Ao destacar os elevados números de mortes decorrentes da imprudência dos condutores, o socialista criticou o fato de motoristas se recusarem a fazer o teste do bafômetro. “Não ser obrigado a produzir provas contra si mesmo é um dispositivo de defesa dos direitos naturais. E a carteira de habilitação não está incluída nesses direitos. É inaceitável que o indivíduo tenha essa alternativa”.

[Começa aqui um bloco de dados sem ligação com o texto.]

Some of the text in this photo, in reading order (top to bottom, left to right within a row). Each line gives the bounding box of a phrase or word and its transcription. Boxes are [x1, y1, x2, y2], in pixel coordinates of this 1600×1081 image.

Tema secundário - Beto Albuquerque falou da necessidade de colocar temas como este na prioridade das discussões brasileiras. “Mesmo com números drásticos de acidentes, esse assunto ainda não é prioridade de todas as autoridades. Precisamos do envolvimento de todos para conseguirmos diminuir o número de vítimas do trânsito no Brasil”, completou Albuquerque.
Investimento
O secretário de Políticas Nacionais do Ministério dos Transportes, Marcelo Perrupato, admitiu a necessidade de ampliar o investimento em infraestrutura de transporte. Segundo ele, a meta mínima estabelecida pelo Plano Nacional de Logística e Transportes (PNLT) do Ministério é de que, pelo menos, 1% do Produto Interno Bruto (PIB) do País seja investido em infraestrutura.
“Estamos no limiar do investimento nos transportes, algo entre 0,5% e 0,6% do PIB. Se a meta do PNLT fosse alcançada, teríamos R$ 50 bilhões por ano para investimento nessa área. Mas o que temos é um pouco mais da metade desse valor”, explicou.

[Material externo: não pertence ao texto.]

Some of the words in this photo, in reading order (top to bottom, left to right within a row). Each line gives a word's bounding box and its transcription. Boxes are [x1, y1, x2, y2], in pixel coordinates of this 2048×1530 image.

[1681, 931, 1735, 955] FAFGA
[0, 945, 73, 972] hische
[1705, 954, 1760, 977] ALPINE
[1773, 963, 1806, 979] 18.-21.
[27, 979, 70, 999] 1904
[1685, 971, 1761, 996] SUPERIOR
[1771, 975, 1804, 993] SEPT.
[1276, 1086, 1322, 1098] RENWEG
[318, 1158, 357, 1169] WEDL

Para a presidente das Associações Nacional de Detrans, Mônica Melo, além de investimento em infraestrutura, é preciso que se intensifique a fiscalização. “Precisamos de ações integradas no desenvolvimento de atividades educativas, de fiscalização e também de combate às fraudes que permeiam todo esse sistema”, afirma.
Ação conjunta
Em maio de 2009, a Comissão Global para a Segurança no Trânsito da ONU lançou um plano de ação para a década 2011/2020, recomendando aos países membros medidas imediatas de atenção e prevenção contra a violência no trânsito, que se revela a principal causa de morte prematura e de ferimentos incapacitantes na população de jovens do mundo. O objetivo é reduzir em 50% os índices de mortalidade e lesões provocadas pela violência no trânsito no mundo todo.